I second the advice of marrish jii, amiramir jii: as a learner, it is better that you stick with the plural constructions when you are meaning plurals. Using singular words for plurals is a very "ingrained" thing (for want of my grammatical skills); in other words, there are a lot of cases when you can use singular as plural, then exceptions to them, and so on. It's not something regular really: it is an ingrained way of speaking, which for me is all about heavy vs. light. To measure the _weight_ of a phrase, you will need to be very familiar, very steeped in the language in which that phrase is written.


----------



## amiramir

Thank you all for your advice. Tonyspeedji's quote from the 1876 grammar book was quite a find, thank you. And understood, re: your advice littlepond ji.


----------



## littlepond

And just to take a sentence quoted by tonyspeed jii, for "apnii do beTiyaaN byaah diiN", "apnii do beTii byaah diiN" would also be fine (and in fact much more likely). Saying "do beTiyaaN byaahnaa" is like making it weighty: either just being precise, or the more probable case of putting an emphasis on his having succeeded in marrying off two daughters! (if I may be permitted to extrapolate using the Indian context of treating daughters as something of a burden). "do beTii byaahnaa" however does not carry any such explicit connotation nor preciseness: it is an elegant way of not being nitpicky nor taking a position.


----------



## marrish

Perhaps that are the possibilities but their likeliness is not so great. If you say "apnii do beTiyaaN biyaah diiN" it is also not necessary that someone will think that it is an emphasis. You will not say "ghar meN do beTaa hu'aa" but "ghar meN do beTe hu'e", likewise "ghar meN do beTiyaaN hu'iiN". So I stand by my advice to avoid it. Yes, this phenomenon does exist and is used under some circumstances but the unexperienced /or indiscriminate or standard/ usage of the sg. form can do more harm than the fear that a phrase might sound to weighty. It can suggest your language is not good, or maybe dialectical, or that you don't know the feminine plurals.


----------



## mundiya

marrish said:


> Perhaps that are the possibilities but their likeliness is not so great. If you say "apnii do beTiyaaN biyaah diiN" it is also not necessary that someone will think that it is an emphasis. You will not say "ghar meN do beTaa hu'aa" but "ghar meN do beTe hu'e", likewise "ghar meN do beTiyaaN hu'iiN". So I stand by my advice to avoid it. Yes, this phenomenon does exist and is used under some circumstances but the unexperienced /or indiscriminate or standard/ usage of the sg. form can do more harm than the fear that a phrase might sound to weighty. It can suggest your language is not good, or maybe dialectical, or that you don't know the feminine plurals.

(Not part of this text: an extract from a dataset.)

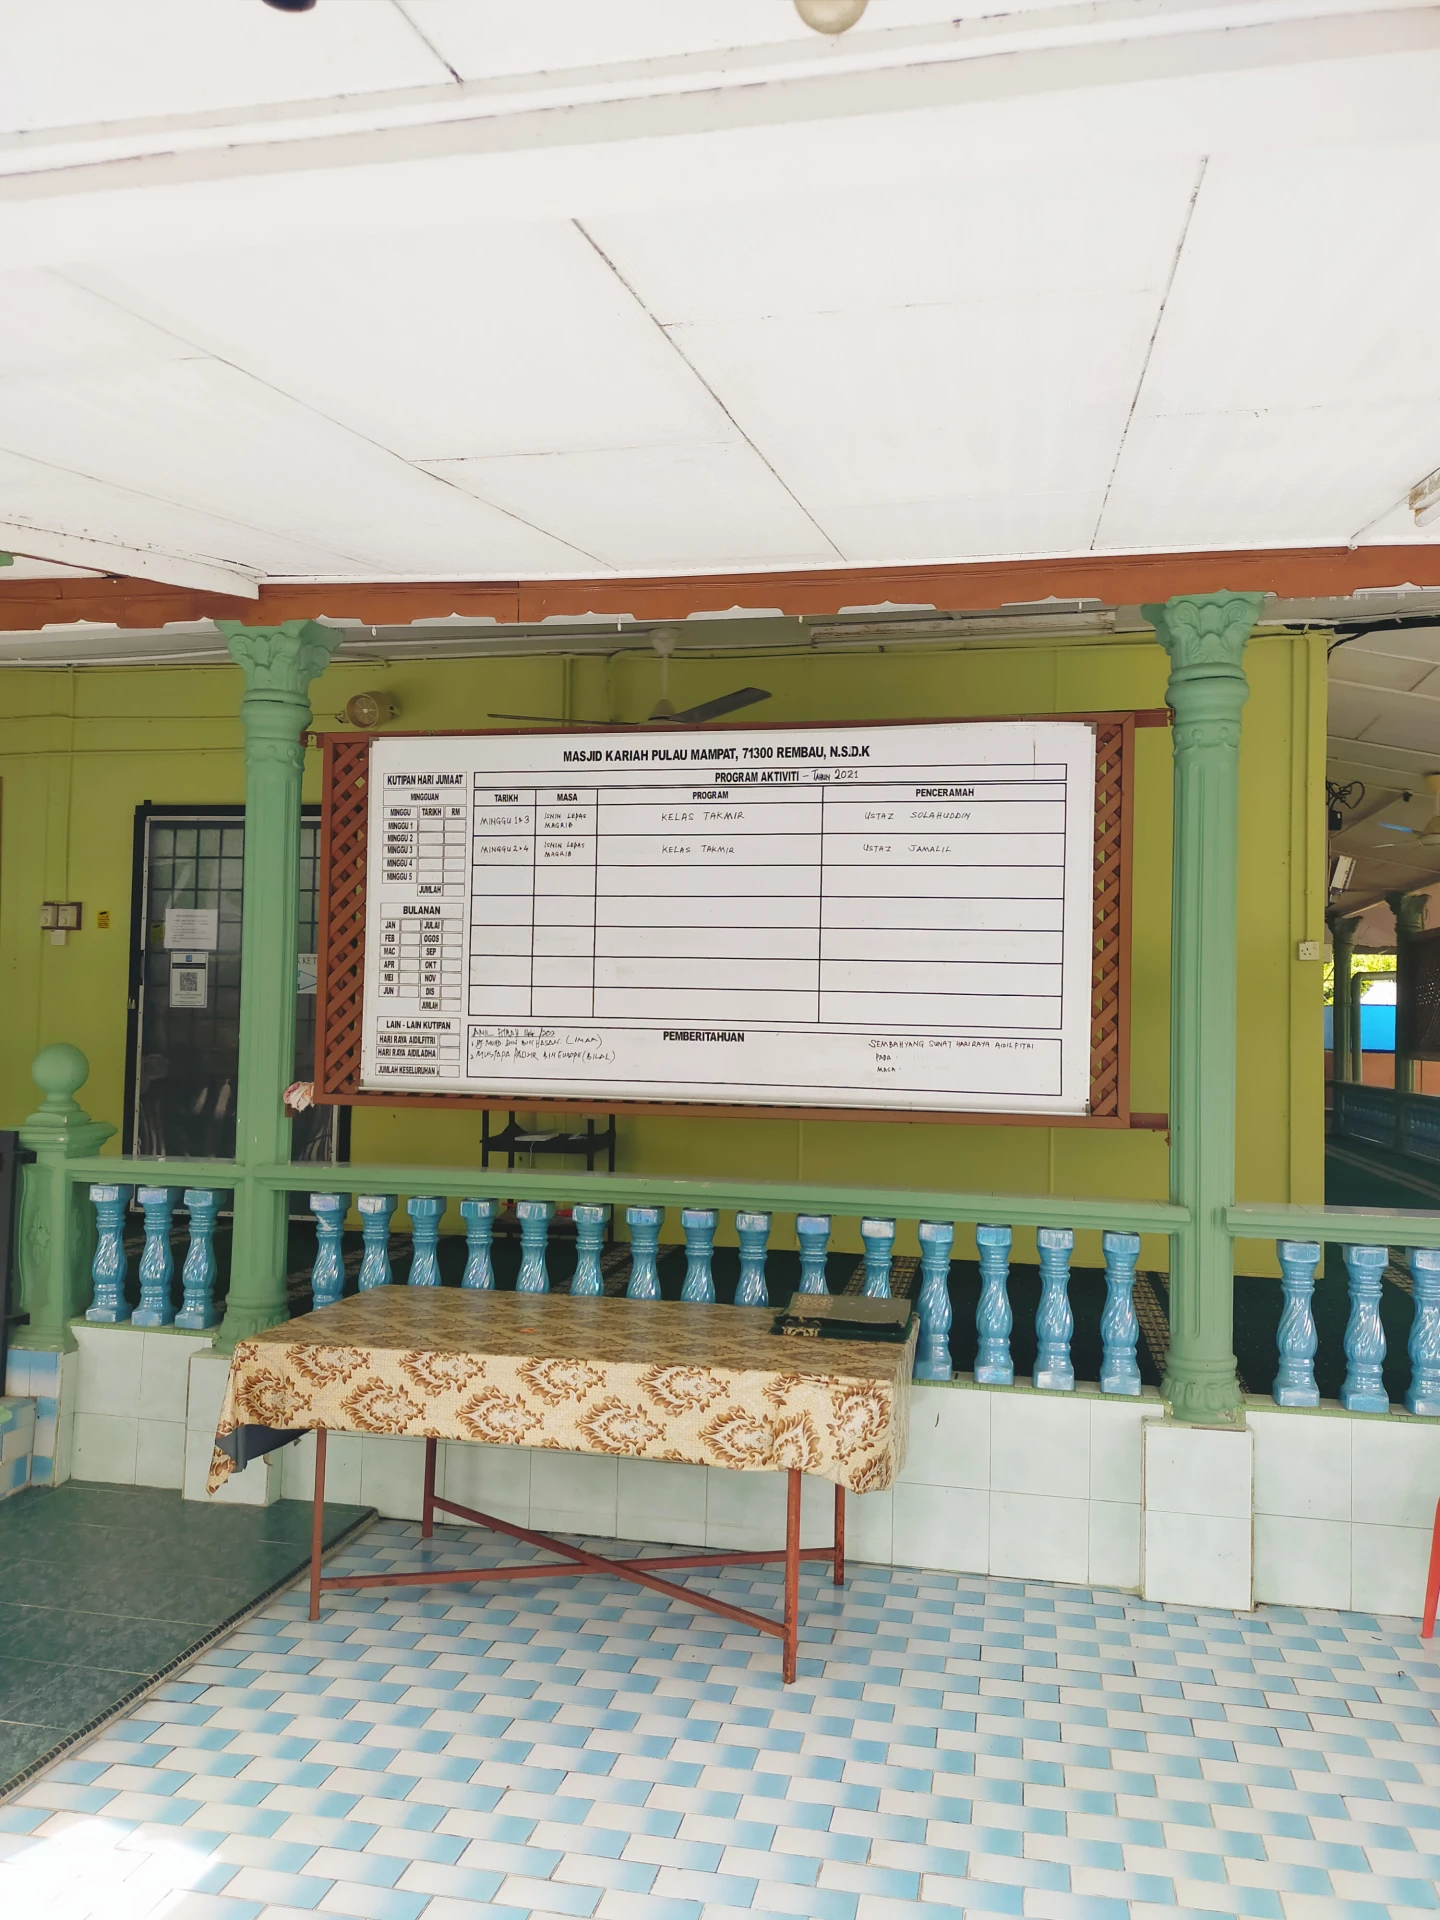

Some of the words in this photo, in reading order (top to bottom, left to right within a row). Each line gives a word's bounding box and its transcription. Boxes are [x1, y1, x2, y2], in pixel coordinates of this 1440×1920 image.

I agree. It's better to use the plural form.


----------



## littlepond

Of course, marrish jii, as I said in post no. 13, I am not advising someone to use this form indiscriminately: but assuming that this thread might also be viewed by those other than the OP and thus who may appreciate very well the nuances in play (and maybe the OP him/herself after a time), I offered an explanation. As for "beTe", see tonyspeed jii's excellent find in post no. 12: the phenomenon seems to afflict predominantly (or only?) feminine nouns, so that possibility does not offer itself.


----------



## Dib

I also struggle on this point of grammar. However, I tend to use singular instead of plural quite consistently in one situation. Native speakers, please, check if the examples make sense to you:

It is when a noun behaves like a measure word, following a specific numeral. So, I'd say:
1) vo tiin din/raat/hafte ke liye yahaaN aayaa hai.
Here, "3 days, nights, weeks" really measure a duration of time. On the other hand, I'd say:
2) hafte ke kisii bhii tiin dinoN ke(kaa?) naam bataao.
Here we are not measuring anything.

However, it is not problem-free. In the direct case, I am never sure whether:
3) "tiin haftaa/mahiinaa kaafii lambaa samay hai"
is acceptable. Is it?


----------



## littlepond

Dib said:


> It is when a noun behaves like a measure word, following a specific numeral. So, I'd say:
> 1) vo tiin din/raat/hafte ke liye yahaaN aayaa hai.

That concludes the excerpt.